Now that we have some data let’s start with the building of a model that could predict the class of any data point. We will use the data set we have to “train” the model to identify the class of the new data point given its two input values. Let’s start to look at an artificial neural network and how it is constructed.

So, what is a Neural Network?

The Idea of an artificial neural network is a model inspired by the structure and function of biological neural networks in animal brains. A sketch of the neural network that we are going to use in this blog post is given below.

What is this then?? Each circle in the network above is called a neuron since the idea is that they “loosely” model the neurons in a brain. There are several layers of neurons in a neural network and if we start to the left with the two red neurons they represent the input layer of the network. There are two of them since they represent the two input parameters of the model, the X and Y values.

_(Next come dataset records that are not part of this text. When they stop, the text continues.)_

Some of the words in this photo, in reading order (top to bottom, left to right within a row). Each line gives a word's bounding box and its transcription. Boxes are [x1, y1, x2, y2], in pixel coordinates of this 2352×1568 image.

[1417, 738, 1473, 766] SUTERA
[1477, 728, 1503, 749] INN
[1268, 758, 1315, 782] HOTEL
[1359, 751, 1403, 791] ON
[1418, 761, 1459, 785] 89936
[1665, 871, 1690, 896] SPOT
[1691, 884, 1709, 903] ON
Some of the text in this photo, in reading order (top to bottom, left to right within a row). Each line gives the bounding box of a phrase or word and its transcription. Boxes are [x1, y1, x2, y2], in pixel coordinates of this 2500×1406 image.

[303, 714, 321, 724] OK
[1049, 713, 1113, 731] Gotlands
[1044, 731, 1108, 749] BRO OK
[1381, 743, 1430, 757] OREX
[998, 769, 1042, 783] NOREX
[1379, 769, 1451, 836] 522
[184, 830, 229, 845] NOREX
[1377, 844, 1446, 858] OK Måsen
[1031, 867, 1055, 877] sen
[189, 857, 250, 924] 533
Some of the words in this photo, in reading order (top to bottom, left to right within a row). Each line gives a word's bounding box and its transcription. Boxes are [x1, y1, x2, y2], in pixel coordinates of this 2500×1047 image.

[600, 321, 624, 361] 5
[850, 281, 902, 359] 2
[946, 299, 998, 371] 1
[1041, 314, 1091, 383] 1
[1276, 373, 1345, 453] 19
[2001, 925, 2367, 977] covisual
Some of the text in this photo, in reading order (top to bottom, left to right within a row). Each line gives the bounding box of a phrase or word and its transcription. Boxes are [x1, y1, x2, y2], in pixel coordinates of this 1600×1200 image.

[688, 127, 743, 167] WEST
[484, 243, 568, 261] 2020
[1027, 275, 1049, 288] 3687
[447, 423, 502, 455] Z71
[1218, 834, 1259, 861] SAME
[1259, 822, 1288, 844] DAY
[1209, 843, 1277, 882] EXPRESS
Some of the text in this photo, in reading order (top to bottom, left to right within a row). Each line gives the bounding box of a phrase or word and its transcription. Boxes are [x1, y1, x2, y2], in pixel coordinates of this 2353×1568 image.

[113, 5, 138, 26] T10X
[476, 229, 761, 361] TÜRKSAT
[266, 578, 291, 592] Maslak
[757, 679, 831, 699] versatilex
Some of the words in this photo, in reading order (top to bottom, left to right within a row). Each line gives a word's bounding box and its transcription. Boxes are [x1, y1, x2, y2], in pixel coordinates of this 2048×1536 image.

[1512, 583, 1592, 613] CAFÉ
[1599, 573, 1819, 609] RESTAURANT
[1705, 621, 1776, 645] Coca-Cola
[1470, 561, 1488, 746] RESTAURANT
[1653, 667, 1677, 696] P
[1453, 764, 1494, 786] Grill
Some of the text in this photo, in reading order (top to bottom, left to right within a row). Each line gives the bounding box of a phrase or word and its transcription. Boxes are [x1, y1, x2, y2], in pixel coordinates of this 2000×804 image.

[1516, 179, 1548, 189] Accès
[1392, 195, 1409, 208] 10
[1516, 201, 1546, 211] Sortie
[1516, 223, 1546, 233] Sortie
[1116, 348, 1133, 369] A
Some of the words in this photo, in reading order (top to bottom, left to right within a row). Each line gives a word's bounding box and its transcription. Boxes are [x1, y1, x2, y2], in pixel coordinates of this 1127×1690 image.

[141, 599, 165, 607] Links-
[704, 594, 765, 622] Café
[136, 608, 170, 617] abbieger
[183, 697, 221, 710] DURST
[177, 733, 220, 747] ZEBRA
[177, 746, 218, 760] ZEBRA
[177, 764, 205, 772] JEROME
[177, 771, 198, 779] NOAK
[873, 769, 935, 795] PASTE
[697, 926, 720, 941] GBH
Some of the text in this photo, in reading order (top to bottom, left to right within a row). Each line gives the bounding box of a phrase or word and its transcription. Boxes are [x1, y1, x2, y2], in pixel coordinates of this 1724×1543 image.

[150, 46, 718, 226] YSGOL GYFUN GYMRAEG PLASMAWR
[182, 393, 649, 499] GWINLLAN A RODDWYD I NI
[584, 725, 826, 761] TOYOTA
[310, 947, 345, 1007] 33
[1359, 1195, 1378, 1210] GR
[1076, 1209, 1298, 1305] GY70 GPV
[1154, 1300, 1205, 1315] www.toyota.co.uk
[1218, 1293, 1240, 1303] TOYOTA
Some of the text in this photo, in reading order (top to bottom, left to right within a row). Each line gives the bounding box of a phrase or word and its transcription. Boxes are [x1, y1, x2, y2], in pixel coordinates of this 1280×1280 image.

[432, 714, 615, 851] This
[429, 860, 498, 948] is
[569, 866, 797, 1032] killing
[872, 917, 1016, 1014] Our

Going to the other end of the network we have the two green neurons which represent the output layer of the network. Here we also have two neurons and the reason for this is that the data points can belong to two different classes, i.e. each neuron represents each class

The white nodes in the middle of the network represent hidden layers and in this network we have two hidden layers with four neurons in each layer. This number of hidden layers and the size of each hidden layer is here chosen a bit arbitrary and we will not go into the question on what shape of the neural network to choose in this blog post.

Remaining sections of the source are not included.